A while back I posted a blog post describing how to setup Kerberos single sign-on in Horizon Workspace 1.5, link: http://blogs.vmware.com/horizontech/2014/01/setting-up-kerberos-single-sign-in-sso-access-in-horizon-workspace-1-5.html. With the release of Horizon Workspace 1.8 we have changed the procedure and logic quite a bit.
This blog post will walk you through the process of setting up Kerberos SSO and hopefully explain some of the new concepts in Horizon Workspace 1.8 while doing so.
With Horizon Workspace 1.8 we introduced the concept of access policies. Workspace supports two different access policies. First we have the overall portal access policy (policy name: default_access_policy_set). The second policy type we offer is a per application policy. In Horizon Workspace 1.8 the application policies can only be applied to SAML and WS-Fed based Web application.
The portal access policy might allow you access to the portal via Internet.

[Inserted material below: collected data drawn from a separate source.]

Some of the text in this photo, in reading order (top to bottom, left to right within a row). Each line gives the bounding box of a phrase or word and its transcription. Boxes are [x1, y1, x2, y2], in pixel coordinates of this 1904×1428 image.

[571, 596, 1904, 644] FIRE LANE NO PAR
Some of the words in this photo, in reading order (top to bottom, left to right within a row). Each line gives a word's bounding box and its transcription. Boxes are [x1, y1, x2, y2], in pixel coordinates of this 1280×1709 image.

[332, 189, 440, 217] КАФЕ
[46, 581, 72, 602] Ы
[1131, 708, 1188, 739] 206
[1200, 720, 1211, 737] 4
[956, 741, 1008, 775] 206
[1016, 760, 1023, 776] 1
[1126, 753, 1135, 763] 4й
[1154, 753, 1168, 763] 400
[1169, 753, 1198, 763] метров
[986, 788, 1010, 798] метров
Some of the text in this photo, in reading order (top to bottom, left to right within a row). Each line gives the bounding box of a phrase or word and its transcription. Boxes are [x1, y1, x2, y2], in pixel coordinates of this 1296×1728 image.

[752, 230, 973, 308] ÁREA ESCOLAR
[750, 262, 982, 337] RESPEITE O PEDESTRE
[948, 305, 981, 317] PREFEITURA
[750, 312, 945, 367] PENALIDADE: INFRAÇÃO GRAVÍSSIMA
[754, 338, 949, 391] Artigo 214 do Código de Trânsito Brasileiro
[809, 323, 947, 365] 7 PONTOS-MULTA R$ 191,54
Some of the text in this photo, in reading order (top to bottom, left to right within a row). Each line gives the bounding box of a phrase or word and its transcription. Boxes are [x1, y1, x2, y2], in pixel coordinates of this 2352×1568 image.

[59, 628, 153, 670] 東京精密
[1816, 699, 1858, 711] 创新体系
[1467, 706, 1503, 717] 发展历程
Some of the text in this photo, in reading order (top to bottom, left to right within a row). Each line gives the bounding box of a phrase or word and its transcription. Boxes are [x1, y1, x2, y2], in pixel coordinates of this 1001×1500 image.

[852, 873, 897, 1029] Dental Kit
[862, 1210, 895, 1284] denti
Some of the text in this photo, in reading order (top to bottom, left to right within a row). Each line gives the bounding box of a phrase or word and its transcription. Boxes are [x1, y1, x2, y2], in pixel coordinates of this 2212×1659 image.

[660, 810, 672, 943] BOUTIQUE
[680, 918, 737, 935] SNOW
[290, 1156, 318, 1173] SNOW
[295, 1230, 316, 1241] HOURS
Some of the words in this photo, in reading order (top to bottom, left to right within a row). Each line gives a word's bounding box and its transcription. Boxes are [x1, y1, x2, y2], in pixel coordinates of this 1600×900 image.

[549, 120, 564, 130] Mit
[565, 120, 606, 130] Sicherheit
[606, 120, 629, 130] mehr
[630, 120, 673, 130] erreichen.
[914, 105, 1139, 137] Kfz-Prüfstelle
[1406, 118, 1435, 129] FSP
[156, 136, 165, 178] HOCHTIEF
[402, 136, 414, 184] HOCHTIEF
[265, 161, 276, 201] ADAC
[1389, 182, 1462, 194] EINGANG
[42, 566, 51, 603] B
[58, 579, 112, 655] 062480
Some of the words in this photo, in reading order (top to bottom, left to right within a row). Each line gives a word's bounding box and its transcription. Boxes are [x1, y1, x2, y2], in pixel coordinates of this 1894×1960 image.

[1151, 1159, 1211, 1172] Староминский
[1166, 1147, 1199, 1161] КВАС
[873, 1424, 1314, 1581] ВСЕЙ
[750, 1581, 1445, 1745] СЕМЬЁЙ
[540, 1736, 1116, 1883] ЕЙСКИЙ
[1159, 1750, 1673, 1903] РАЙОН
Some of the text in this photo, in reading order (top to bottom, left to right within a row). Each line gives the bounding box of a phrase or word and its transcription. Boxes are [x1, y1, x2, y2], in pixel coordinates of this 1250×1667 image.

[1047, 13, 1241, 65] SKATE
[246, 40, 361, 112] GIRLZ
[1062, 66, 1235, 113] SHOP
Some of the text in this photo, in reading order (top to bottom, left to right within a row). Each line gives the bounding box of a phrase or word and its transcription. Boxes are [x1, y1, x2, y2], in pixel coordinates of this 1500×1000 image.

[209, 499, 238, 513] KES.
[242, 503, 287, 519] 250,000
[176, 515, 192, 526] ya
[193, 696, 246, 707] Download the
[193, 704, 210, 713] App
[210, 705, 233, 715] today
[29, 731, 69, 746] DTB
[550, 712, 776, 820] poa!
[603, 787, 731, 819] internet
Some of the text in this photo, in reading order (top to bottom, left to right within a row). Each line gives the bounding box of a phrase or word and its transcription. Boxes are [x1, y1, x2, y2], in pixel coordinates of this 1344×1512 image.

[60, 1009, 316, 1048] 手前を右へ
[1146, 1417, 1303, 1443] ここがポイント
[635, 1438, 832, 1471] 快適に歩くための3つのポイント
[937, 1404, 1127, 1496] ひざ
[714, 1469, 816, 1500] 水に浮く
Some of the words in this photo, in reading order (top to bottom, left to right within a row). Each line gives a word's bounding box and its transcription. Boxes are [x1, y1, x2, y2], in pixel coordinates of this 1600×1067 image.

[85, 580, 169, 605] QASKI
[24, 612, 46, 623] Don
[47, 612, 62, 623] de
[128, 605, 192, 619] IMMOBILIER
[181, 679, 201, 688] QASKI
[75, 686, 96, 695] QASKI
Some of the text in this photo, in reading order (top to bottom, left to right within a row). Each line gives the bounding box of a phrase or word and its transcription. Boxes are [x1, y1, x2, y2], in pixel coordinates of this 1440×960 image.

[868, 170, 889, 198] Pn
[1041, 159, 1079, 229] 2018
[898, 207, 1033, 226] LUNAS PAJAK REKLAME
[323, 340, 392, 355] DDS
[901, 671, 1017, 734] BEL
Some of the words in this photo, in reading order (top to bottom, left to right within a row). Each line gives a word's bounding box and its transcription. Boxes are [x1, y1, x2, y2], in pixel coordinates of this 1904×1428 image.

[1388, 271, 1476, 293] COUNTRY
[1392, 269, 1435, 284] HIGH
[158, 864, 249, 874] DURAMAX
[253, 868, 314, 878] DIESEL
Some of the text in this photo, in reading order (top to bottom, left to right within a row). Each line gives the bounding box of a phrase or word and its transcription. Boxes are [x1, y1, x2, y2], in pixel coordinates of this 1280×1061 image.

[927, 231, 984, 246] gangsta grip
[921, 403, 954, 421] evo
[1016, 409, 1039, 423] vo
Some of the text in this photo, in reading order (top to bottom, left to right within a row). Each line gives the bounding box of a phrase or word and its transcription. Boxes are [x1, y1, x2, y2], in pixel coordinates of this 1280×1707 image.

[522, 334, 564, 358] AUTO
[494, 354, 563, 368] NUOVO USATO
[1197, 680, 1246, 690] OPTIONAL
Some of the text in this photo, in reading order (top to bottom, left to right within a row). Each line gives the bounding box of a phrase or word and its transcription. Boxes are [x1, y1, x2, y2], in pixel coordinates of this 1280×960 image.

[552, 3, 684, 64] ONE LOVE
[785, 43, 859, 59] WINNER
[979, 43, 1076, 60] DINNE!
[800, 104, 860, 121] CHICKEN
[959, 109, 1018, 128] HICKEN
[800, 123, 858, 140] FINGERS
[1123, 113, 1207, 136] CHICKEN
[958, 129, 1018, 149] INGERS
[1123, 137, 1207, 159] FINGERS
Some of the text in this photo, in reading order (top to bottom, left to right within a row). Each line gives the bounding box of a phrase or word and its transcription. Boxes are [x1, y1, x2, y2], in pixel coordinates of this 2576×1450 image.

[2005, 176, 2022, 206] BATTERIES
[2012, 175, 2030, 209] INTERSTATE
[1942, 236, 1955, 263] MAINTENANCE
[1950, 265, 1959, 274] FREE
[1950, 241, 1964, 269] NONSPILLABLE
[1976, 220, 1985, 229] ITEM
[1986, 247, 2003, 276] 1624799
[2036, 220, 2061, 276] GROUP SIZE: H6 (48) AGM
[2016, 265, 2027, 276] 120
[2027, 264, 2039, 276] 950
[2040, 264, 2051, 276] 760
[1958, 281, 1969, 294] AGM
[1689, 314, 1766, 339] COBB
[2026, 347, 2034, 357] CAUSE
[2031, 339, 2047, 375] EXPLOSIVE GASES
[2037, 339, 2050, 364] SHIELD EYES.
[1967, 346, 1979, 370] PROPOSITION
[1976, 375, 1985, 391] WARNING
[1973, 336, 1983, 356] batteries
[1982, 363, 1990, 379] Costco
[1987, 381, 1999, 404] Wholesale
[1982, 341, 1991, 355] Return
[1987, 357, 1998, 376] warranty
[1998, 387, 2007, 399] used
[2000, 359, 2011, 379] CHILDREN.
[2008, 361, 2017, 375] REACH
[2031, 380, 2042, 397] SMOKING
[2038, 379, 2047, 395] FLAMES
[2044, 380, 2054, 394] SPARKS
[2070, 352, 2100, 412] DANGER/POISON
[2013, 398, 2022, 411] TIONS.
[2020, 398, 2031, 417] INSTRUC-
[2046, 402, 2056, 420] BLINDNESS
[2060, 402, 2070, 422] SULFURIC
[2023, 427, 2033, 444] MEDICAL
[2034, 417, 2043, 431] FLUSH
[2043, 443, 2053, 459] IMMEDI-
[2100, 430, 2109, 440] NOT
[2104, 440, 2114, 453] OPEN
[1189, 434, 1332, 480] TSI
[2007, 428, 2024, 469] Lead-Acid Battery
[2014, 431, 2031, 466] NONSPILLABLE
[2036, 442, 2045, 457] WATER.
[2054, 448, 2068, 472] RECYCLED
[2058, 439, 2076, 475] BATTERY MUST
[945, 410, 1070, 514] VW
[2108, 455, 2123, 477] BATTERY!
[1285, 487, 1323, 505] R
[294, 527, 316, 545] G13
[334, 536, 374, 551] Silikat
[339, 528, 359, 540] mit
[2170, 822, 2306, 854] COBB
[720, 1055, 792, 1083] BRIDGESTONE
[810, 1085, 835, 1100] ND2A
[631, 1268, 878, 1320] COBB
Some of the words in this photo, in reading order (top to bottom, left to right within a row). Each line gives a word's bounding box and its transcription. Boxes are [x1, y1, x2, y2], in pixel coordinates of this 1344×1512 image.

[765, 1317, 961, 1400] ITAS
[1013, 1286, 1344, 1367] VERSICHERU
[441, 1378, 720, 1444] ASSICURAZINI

Using the application policy an administrator can restrict access to a SaaS based application so for example you might only be allowed to launch the Web application if you connect from inside your firewall.
Why is this important? Well, in order to setup Kerberos SSO we need to edit the portal access policy. We must specify for which network ranges Kerberos is to be used. But, first let’s create a network range.
1. Create a network range
We need to decide which network segments our Kerberos enabled clients are using. Normally this is your LAN segment/segments.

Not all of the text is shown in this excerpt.